At the time of the founding, almost all criminal law punished conduct that everyone would recognize as wrongful - offenses like murder, theft, and burglary. And virtually all crimes required proof that the accused had acted with a "guilty mind" - that is, with the intent to do a wrongful act. My, how things have changed.

Today, the vast majority of the crimes are regulatory offenses. They involve conduct that is not inherently wrong but has been made criminal only because an elite legislature - or unelected bureaucracy - has decreed it to be so.

To make enforcement of these new social norms easier, legislatures have often jettisoned the "guilty mind" requirement. As a result, people may be punished with jail time for doing things they had no idea were illegal, much less criminal...

...Hence, a 12-year old girl is arrested for eating a French fry in the Washington, D.C., Metro system. A 63-year old grandmother in Palo Alto, Calif., is arrested for failing to trim her hedges in the "officially approved manner." Four FBI agents, in SWAT gear and armed with automatic rifles, arrest an Alaskan inventor for shipping scientific material without a federally mandated sticker on the package. A retired orchid grower spends 17 months in jail for importing orchids without the proper paperwork.

As the list of criminal acts expands, it becomes harder for the average American to get through the day without unknowingly committing a crime. This situation creates an even more insidious danger. If everyone is potentially a criminal, then the government and its employees have vast powers to decide which people to charge.
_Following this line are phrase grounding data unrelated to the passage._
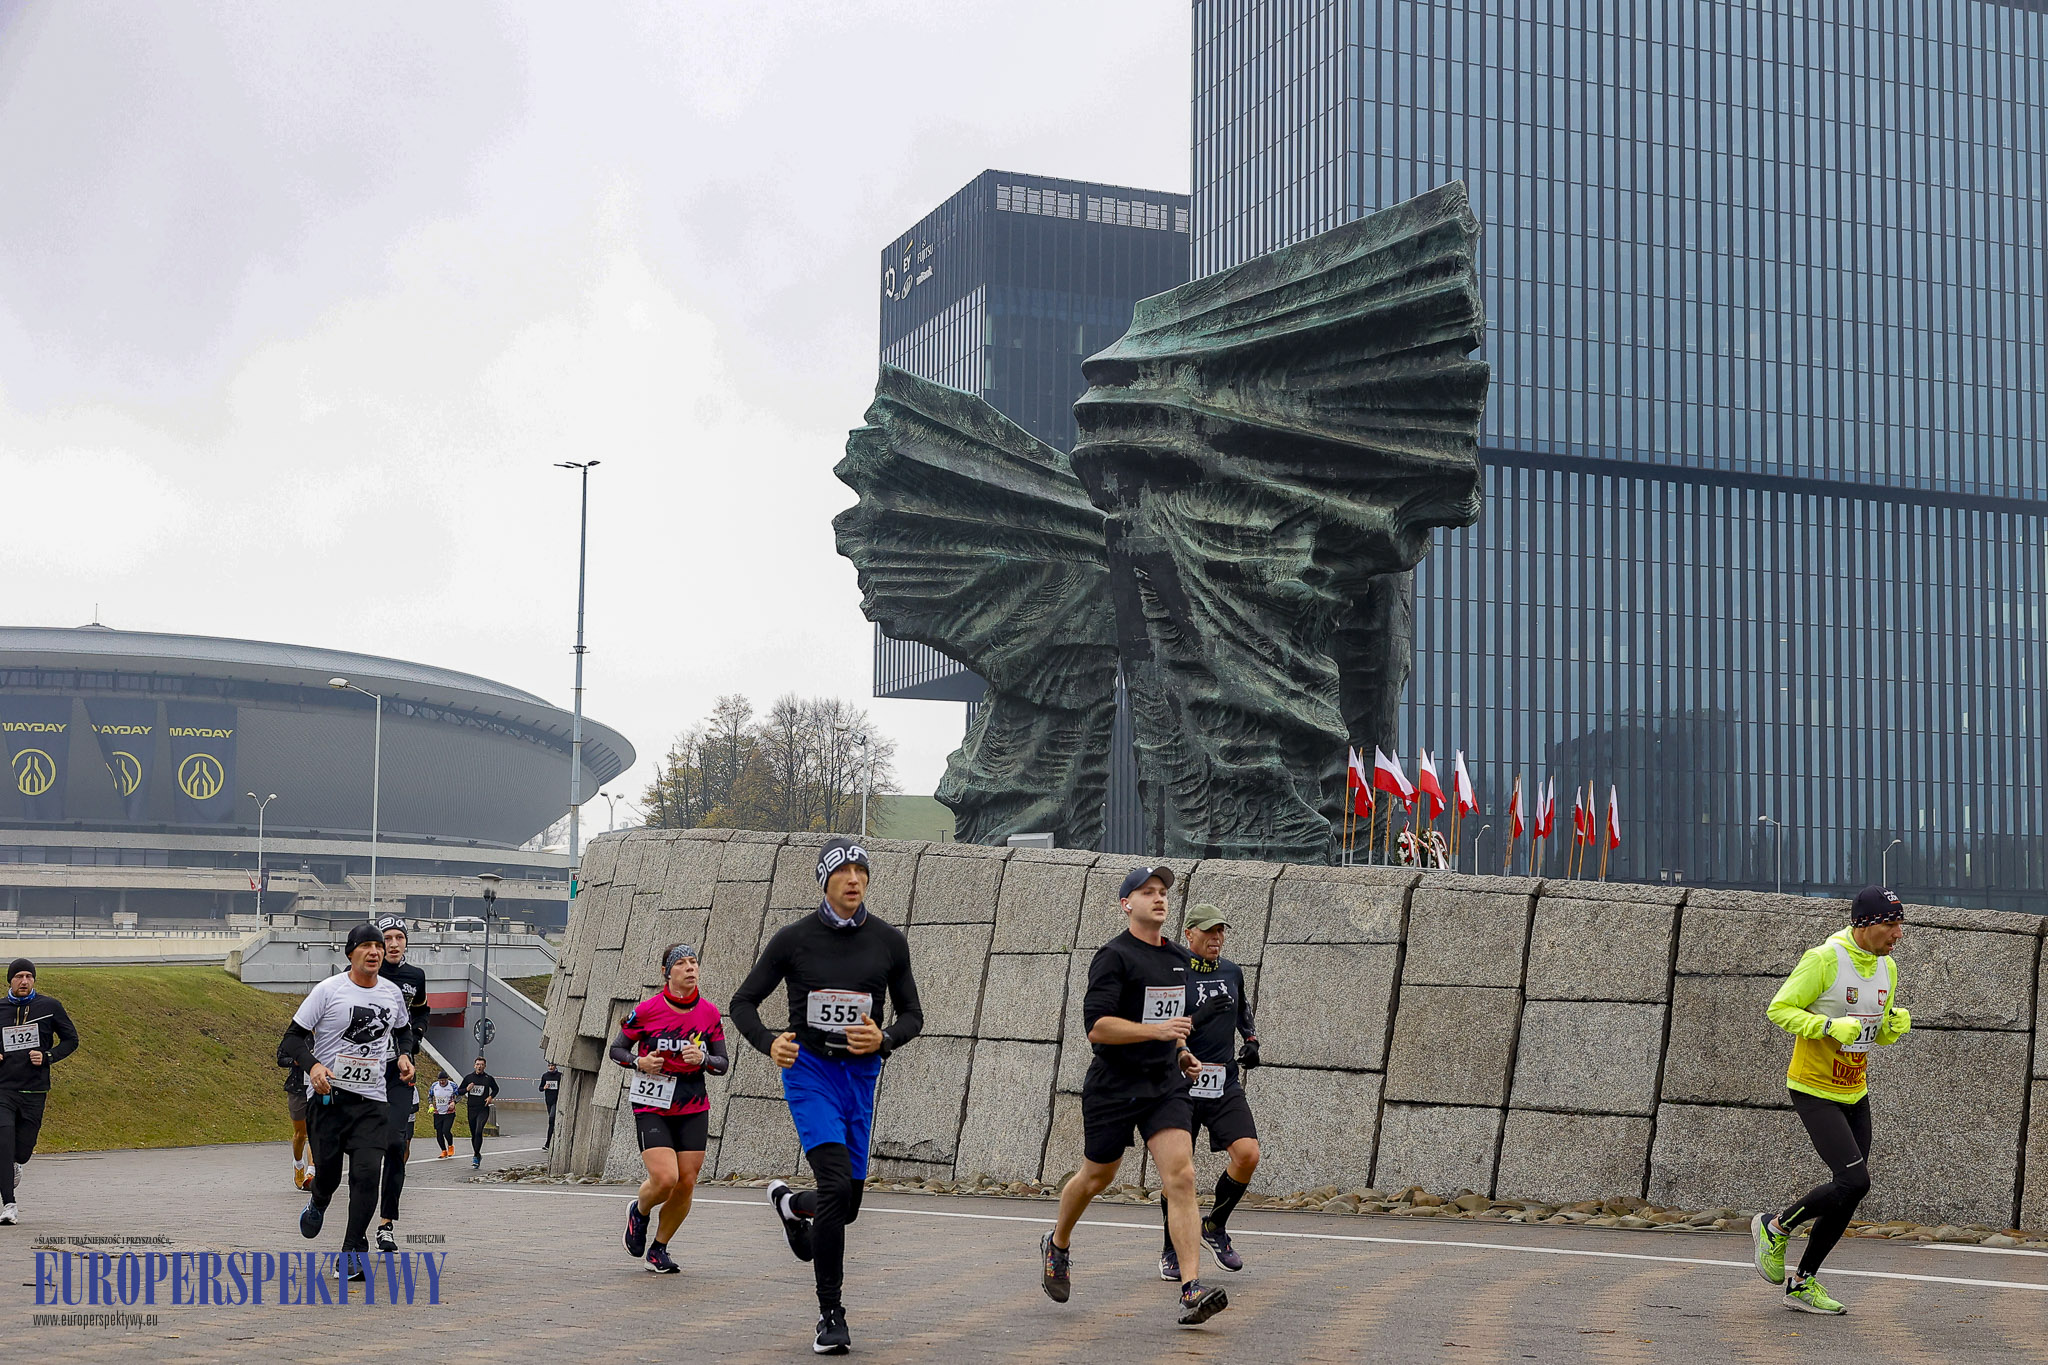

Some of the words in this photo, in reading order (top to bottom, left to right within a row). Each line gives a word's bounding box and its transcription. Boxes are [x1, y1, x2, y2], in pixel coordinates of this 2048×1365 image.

[903, 253, 911, 273] EY
[2, 722, 67, 733] MAYDAY
[169, 727, 234, 739] MAYDAY
[820, 1003, 858, 1023] 555
[1154, 999, 1180, 1018] 347
[10, 1032, 32, 1044] 132
[1855, 1025, 1878, 1042] 13
[656, 1038, 708, 1053] BUA
[341, 1065, 372, 1082] 243
[638, 1080, 664, 1098] 521
With so wide a scope of possible criminal charges, we now face a situation where little but the discretion of the government determines who goes to jail and who goes free.


In other words, you'd better not piss off government officials too much.

Meese doesn't use the term, but probably a majority of the federal crimes could genuinely be described as "victimless". I don't generally use that term to describe prohibited activities such as drug use and prostitution, because there's usually some element of coercion involved.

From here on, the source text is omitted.